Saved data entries
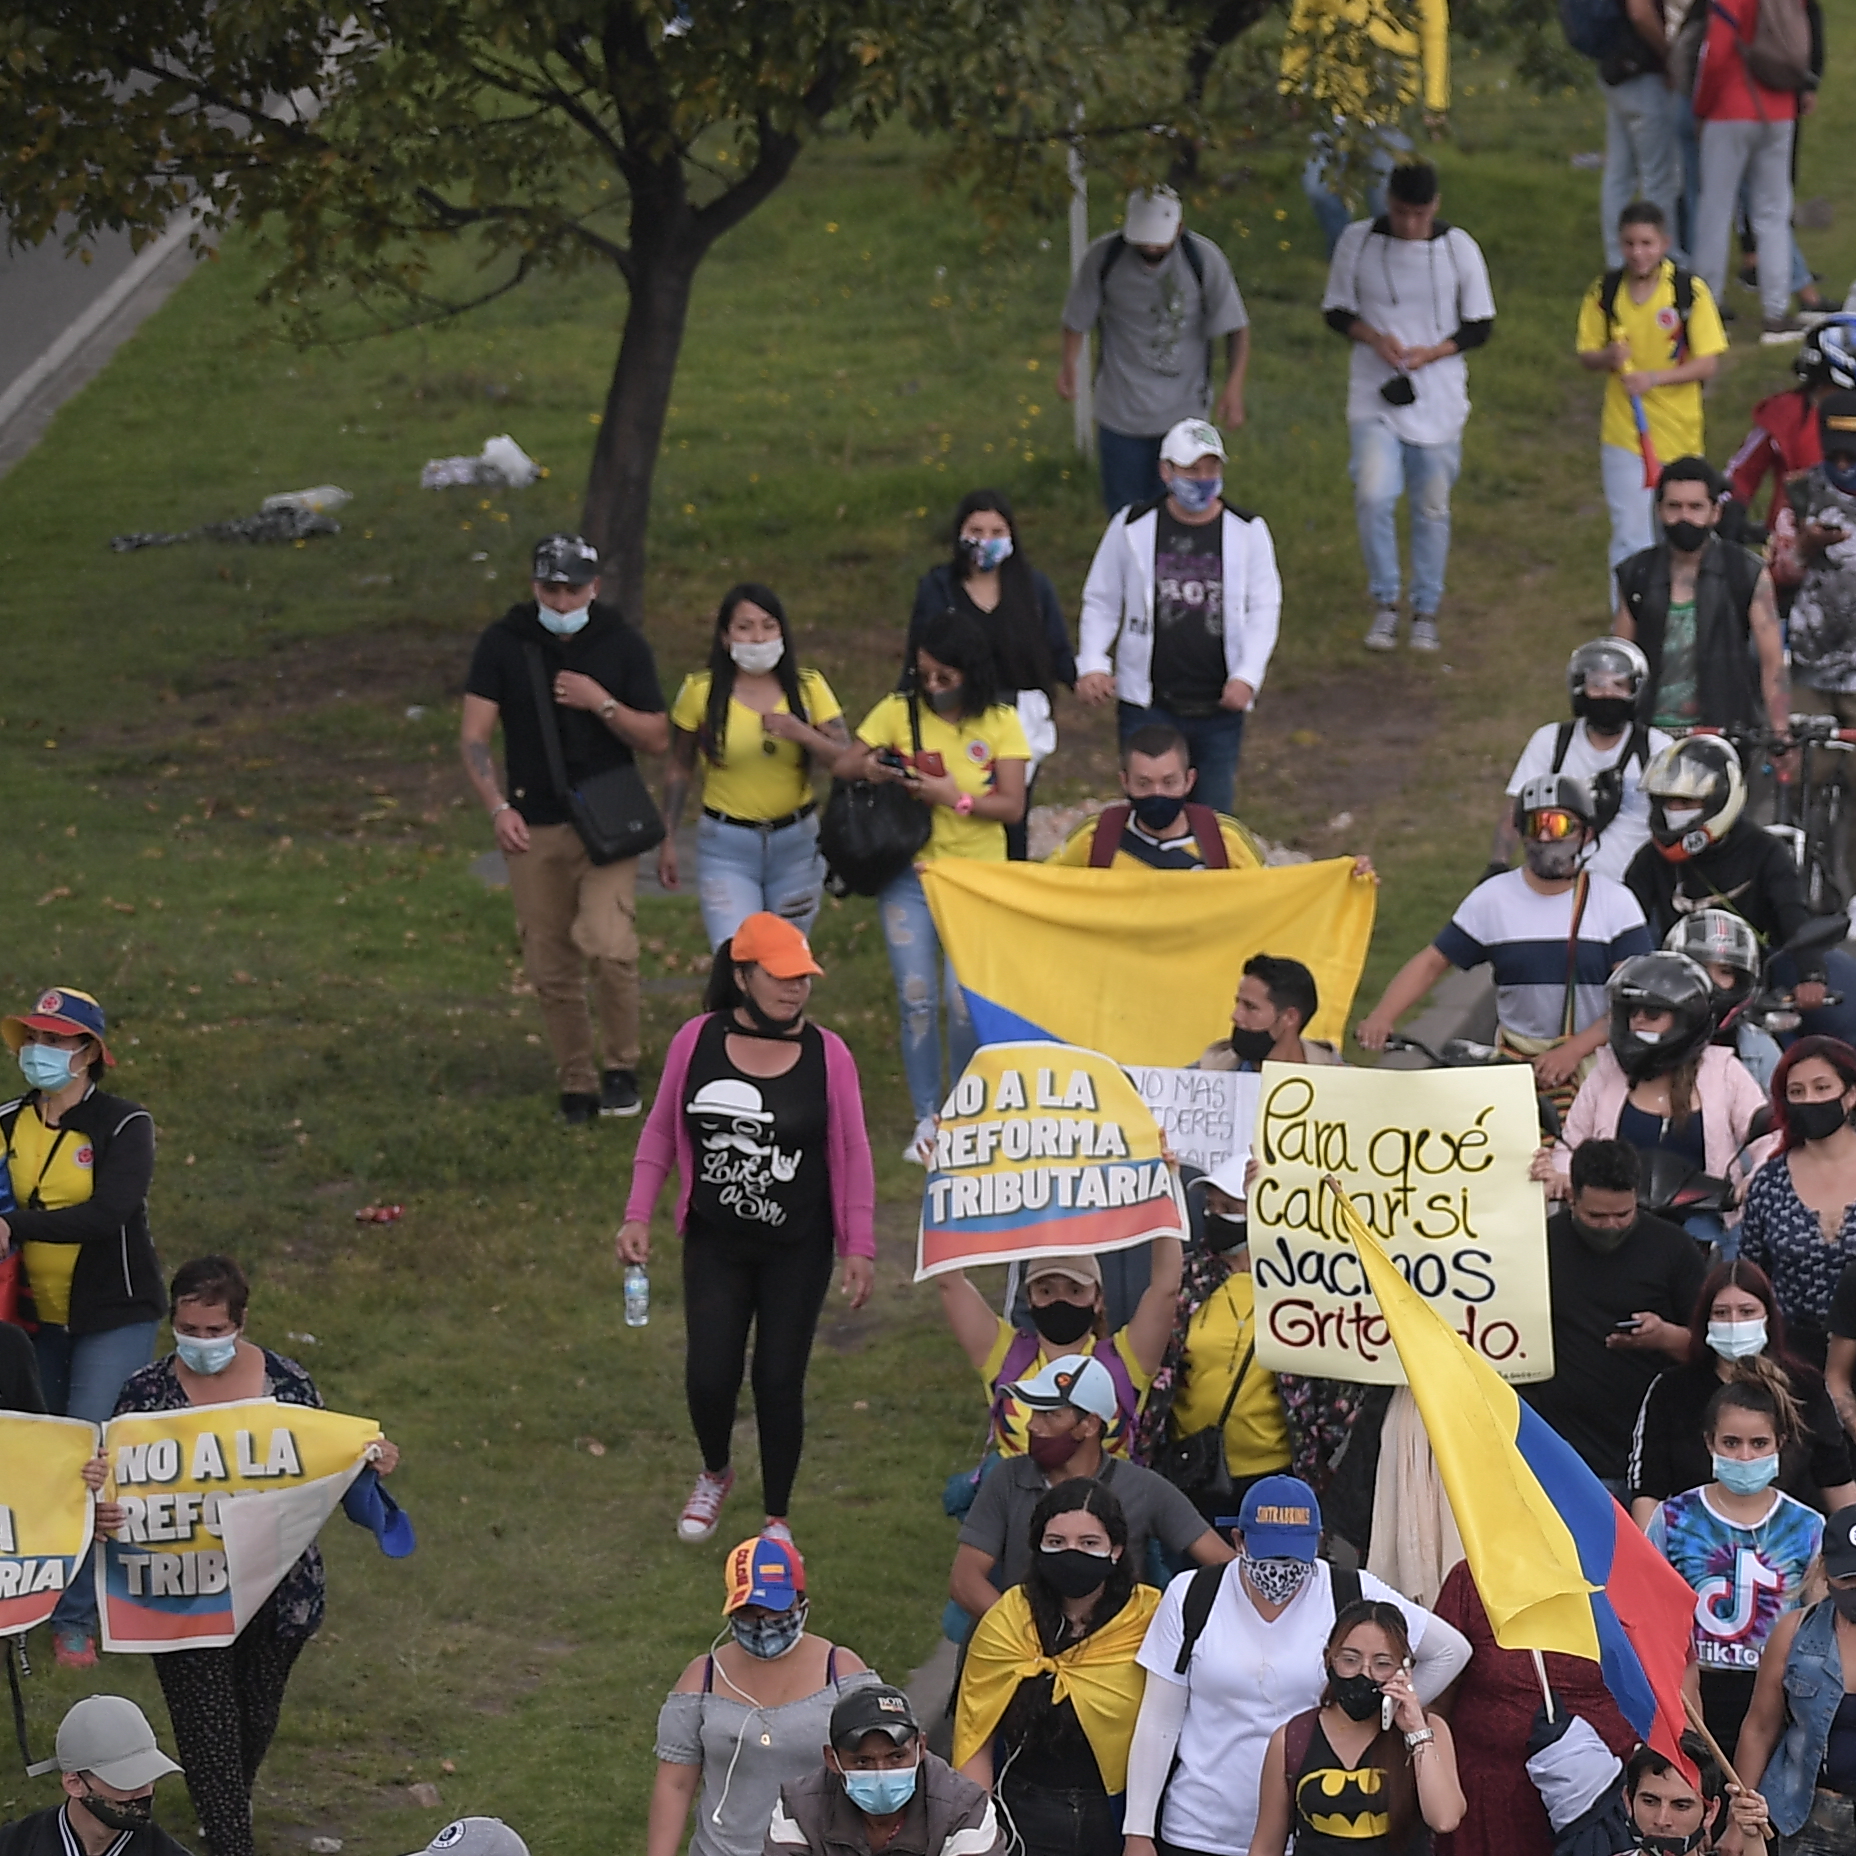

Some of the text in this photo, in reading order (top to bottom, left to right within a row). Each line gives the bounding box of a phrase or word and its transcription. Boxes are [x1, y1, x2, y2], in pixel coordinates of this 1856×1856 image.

[993, 1070, 1025, 1109] A
[1036, 1068, 1096, 1110] LA
[1173, 1070, 1227, 1108] MAS
[930, 1117, 1126, 1171] REFORMA
[1262, 1076, 1496, 1218] Para qué
[928, 1161, 1173, 1224] TRIBUTARIA
[1413, 1186, 1478, 1239] si
[116, 1428, 300, 1484] NO A LA

## Directions for this task:
Copy every line of the data word for word, omitting the images.

## Result below:
Some of the text in this photo, in reading order (top to bottom, left to right within a row). Each line gives the bounding box of a phrase or word and its transcription. Boxes are [x1, y1, x2, y2], in pixel coordinates of this 1856×1856 image.

[993, 1070, 1025, 1109] A
[1036, 1068, 1096, 1110] LA
[1173, 1070, 1227, 1108] MAS
[930, 1117, 1126, 1171] REFORMA
[1262, 1076, 1496, 1218] Para qué
[928, 1161, 1173, 1224] TRIBUTARIA
[1413, 1186, 1478, 1239] si
[116, 1428, 300, 1484] NO A LA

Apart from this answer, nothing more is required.